Task to carry out:
Skip the pictures, and retype the data below in full, exactly.

Collection entries:
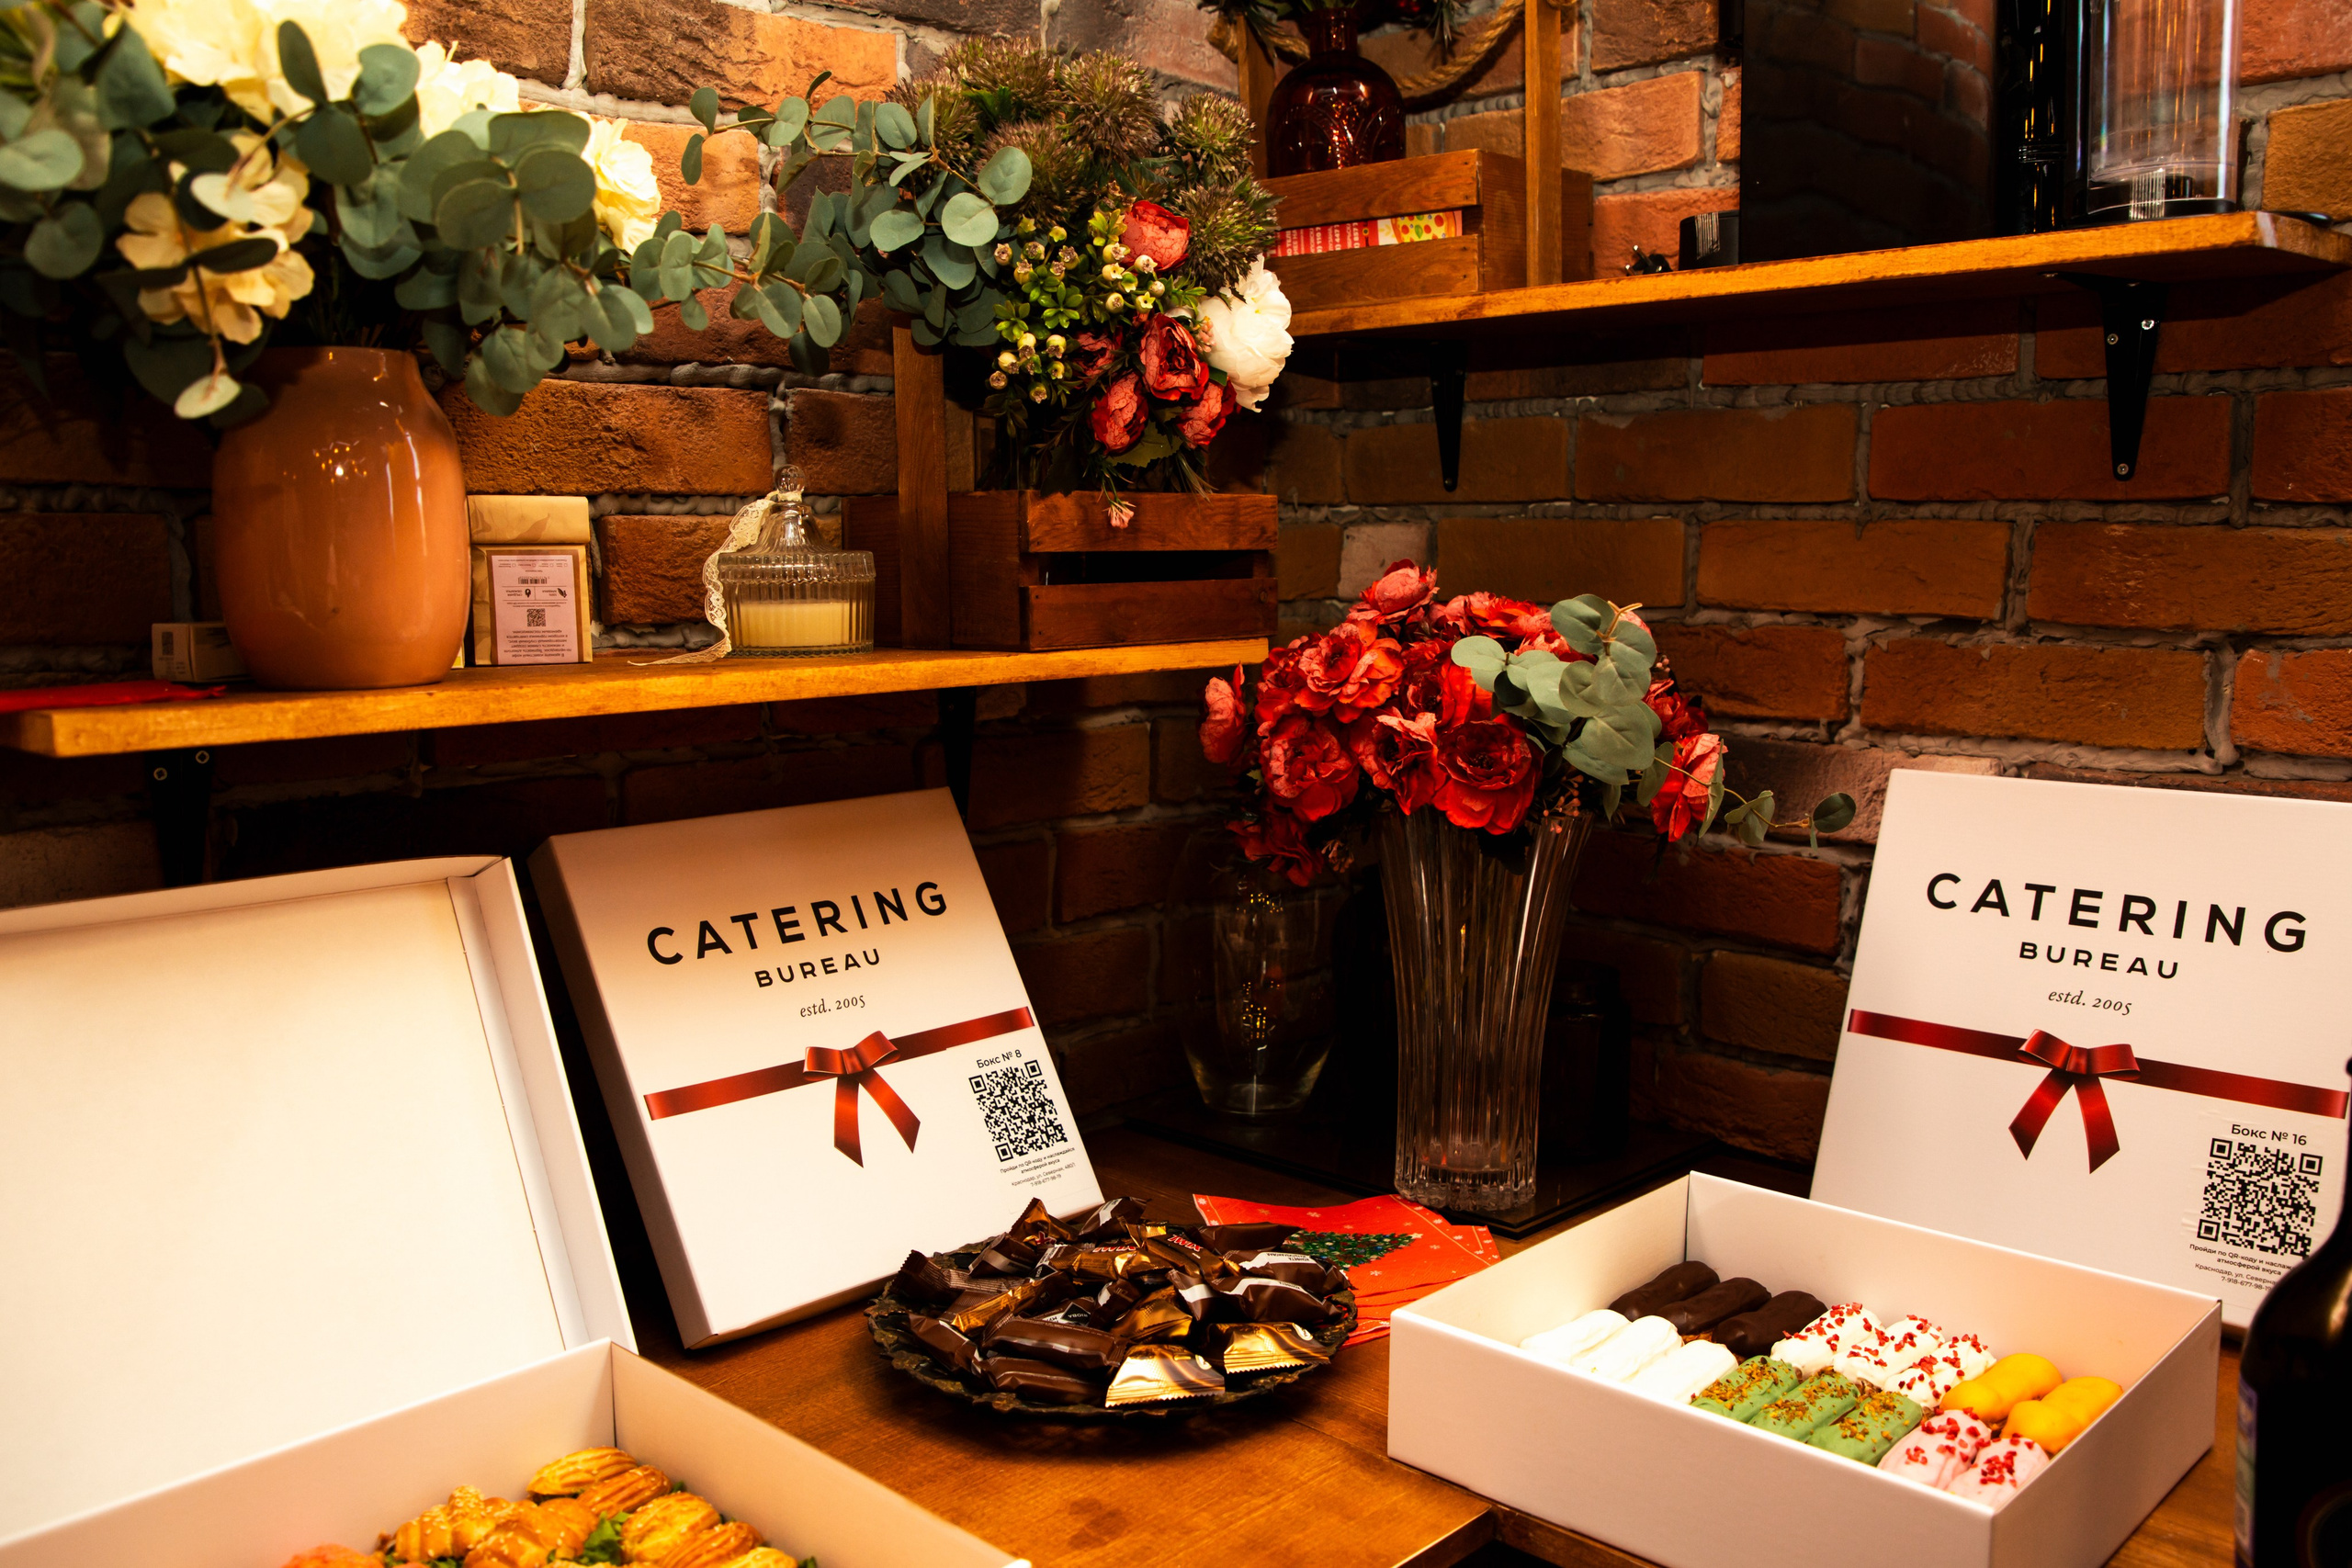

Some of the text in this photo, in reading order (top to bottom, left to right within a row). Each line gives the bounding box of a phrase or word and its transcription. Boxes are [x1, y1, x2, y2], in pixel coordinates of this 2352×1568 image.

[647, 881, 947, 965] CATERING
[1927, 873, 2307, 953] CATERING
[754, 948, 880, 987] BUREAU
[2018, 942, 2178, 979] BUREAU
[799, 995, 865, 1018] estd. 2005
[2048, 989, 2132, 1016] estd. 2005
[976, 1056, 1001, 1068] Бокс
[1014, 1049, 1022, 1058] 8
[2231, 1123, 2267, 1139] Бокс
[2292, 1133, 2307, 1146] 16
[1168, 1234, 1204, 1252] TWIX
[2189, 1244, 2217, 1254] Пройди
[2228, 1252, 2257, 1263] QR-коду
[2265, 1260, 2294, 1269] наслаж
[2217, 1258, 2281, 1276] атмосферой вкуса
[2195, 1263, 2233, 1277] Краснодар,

The completed task:
Some of the text in this photo, in reading order (top to bottom, left to right within a row). Each line gives the bounding box of a phrase or word and its transcription. Boxes are [x1, y1, x2, y2], in pixel coordinates of this 2352×1568 image.

[647, 881, 947, 965] CATERING
[1927, 873, 2307, 953] CATERING
[754, 948, 880, 987] BUREAU
[2018, 942, 2178, 979] BUREAU
[799, 995, 865, 1018] estd. 2005
[2048, 989, 2132, 1016] estd. 2005
[976, 1056, 1001, 1068] Бокс
[1014, 1049, 1022, 1058] 8
[2231, 1123, 2267, 1139] Бокс
[2292, 1133, 2307, 1146] 16
[1168, 1234, 1204, 1252] TWIX
[2189, 1244, 2217, 1254] Пройди
[2228, 1252, 2257, 1263] QR-коду
[2265, 1260, 2294, 1269] наслаж
[2217, 1258, 2281, 1276] атмосферой вкуса
[2195, 1263, 2233, 1277] Краснодар,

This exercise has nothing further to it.